Disordered Eating: Fear of food, restriction of food, dyscontrolled eating and compensatory behaviors (excessive exercise, or even more dangerous methods such as purging) are observed in people who develop dysfunctional relationships with food.  And this is not uncommon in dieters. 

Relapse: Falling off the clean eating wagon and going back to old habits. This is also not uncommon in dieters (these are the yo-yo dieters). 

Moderation: Maintaining the clean eating, exercise, sustainable weight losses of a few pounds per week and then long term maintenance. And obviously this is what we want. 

The psychologist and alcoholism researcher Dr. Alan Marlatt wrote about something called the "Abstinence Violation Effect." I call it "The Hell with it Hypothesis." Basically, when we give up something that is as addictive as food and put new habits in place, sometimes we slip and eat a "forbidden" food. The right thing to do is to walk away, treat it as a lapse, and start anew. However, it is common for people to eat that forbidden food and then say, "the hell with it." I already ate half of the slice of cheesecake, I might as well go for it and the bad feeling that accompanies "violating" their dietary abstinence can lead to giving up on clean eating and healthy living entirely. For our gang forbidden "dirty" foods may be a signal to overeat (Shay and her ice cream, Joe and his cheeseburgers). The real trick if Shay slips with a dish of ice cream is to not throw the baby out with the bathwater, and really focus on the clean eating the next day. 

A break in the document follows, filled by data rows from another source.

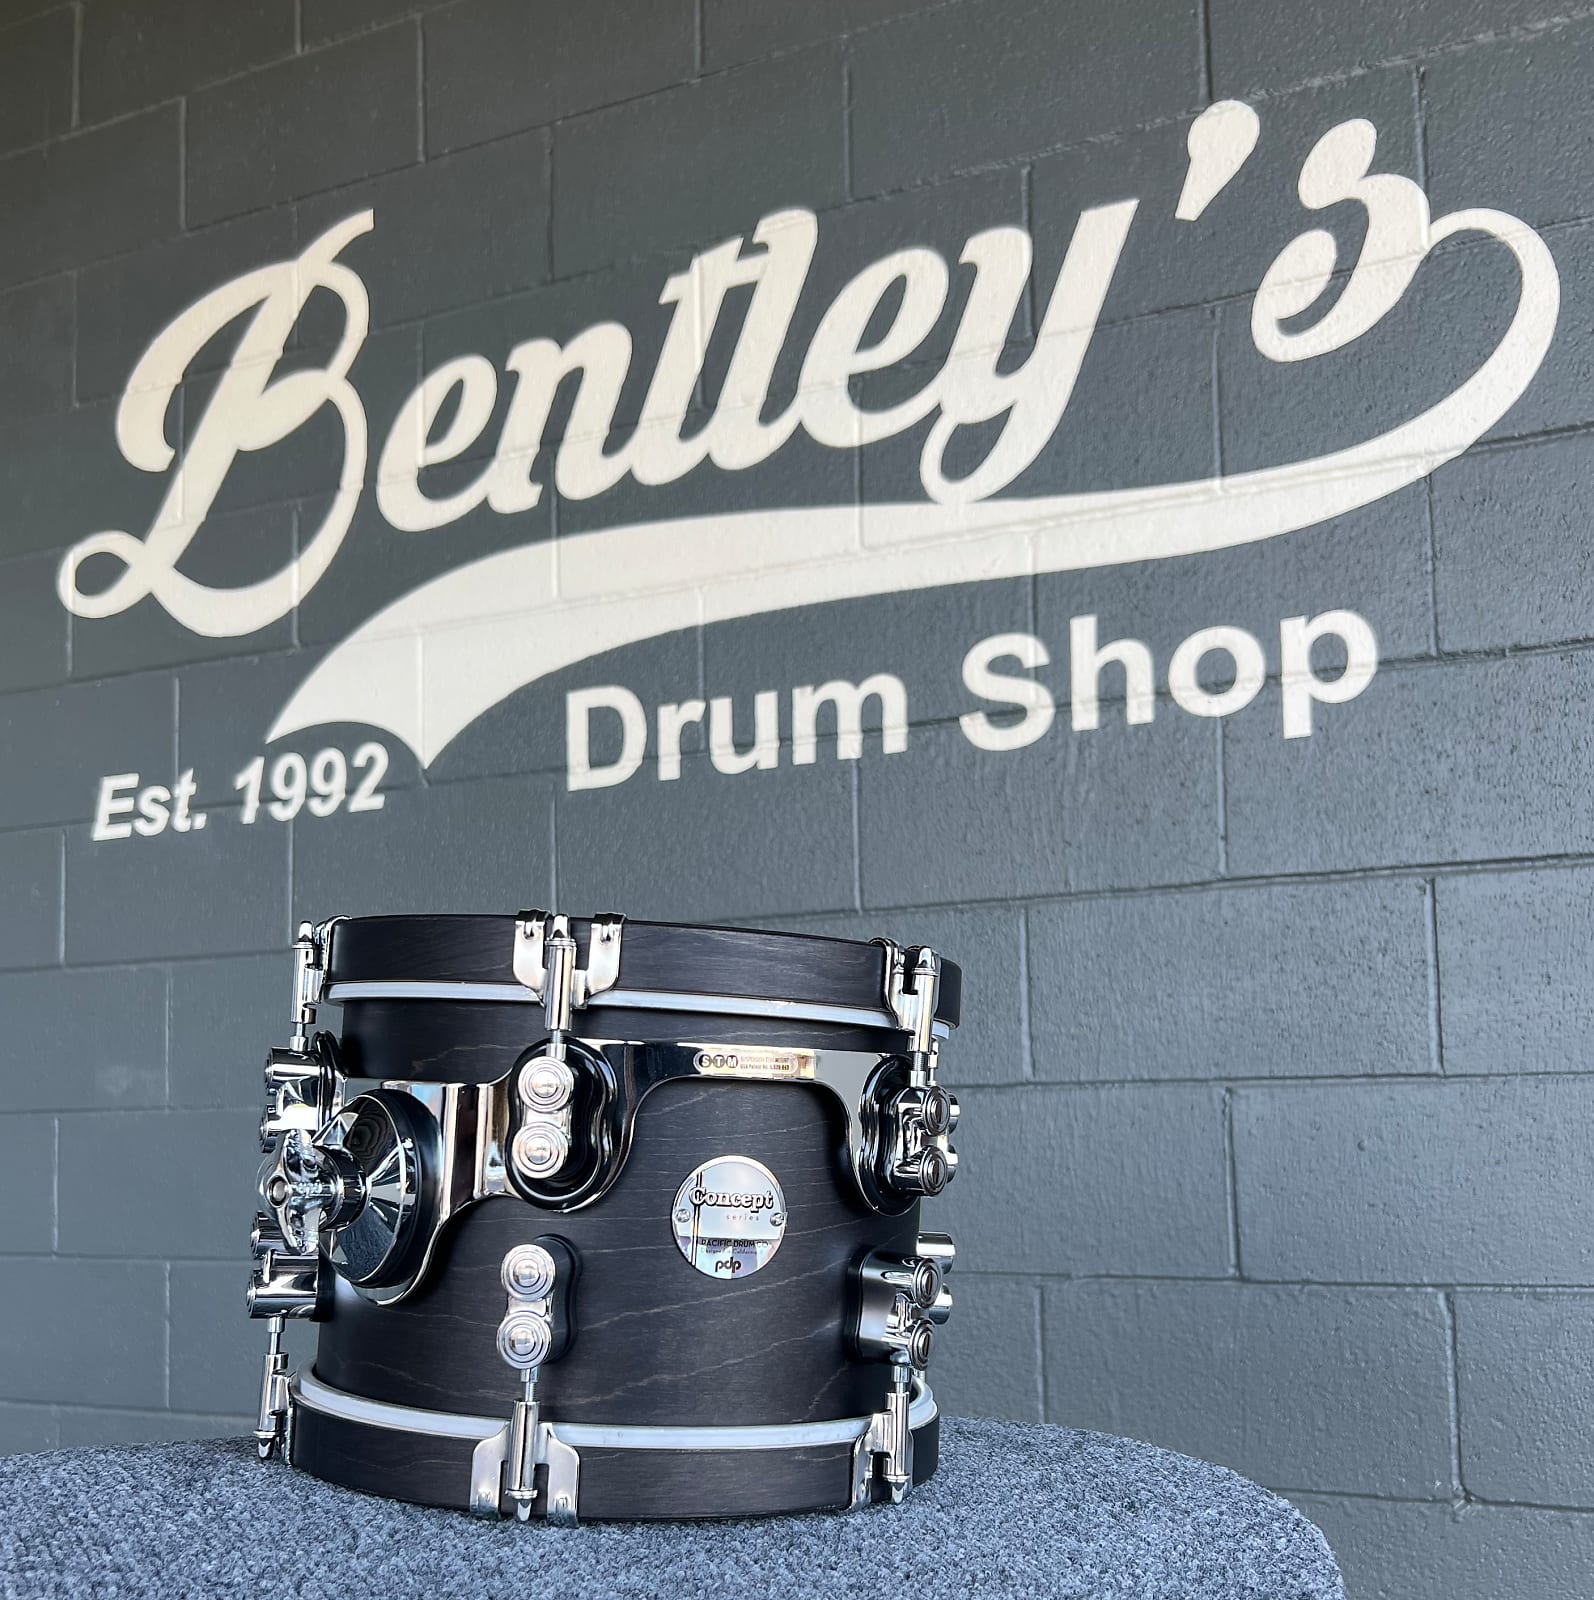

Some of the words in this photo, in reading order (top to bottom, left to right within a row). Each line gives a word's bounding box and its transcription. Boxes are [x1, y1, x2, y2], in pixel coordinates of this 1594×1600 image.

[58, 100, 1560, 640] Bentley's
[566, 672, 908, 791] Drum
[958, 609, 1380, 751] Shop
[92, 768, 207, 841] Est.
[234, 741, 389, 825] 1992
[699, 1054, 739, 1069] STM
[689, 1187, 774, 1214] Concept
[726, 1213, 760, 1221] series
[733, 1240, 755, 1248] DRUM
[714, 1256, 742, 1274] pdp

IT WON'T BE EASY. Will they be able to order "clean" when their friends are overindulging? Go to the gym, when they aren't in the mood? Make wise choices at a buffet? Not become frightened by food and start distorting their experience of food? Have they internalized the Jackie/Craig/Dr. Ramani triad – and will they hear our voices when they face these choices and learn to say no themselves.


What do you think looms as the finale nears? Who will be the big loser? Will anyone relapse all the way back? It's a hell of a horse race –- and you will be surprised at how it ends.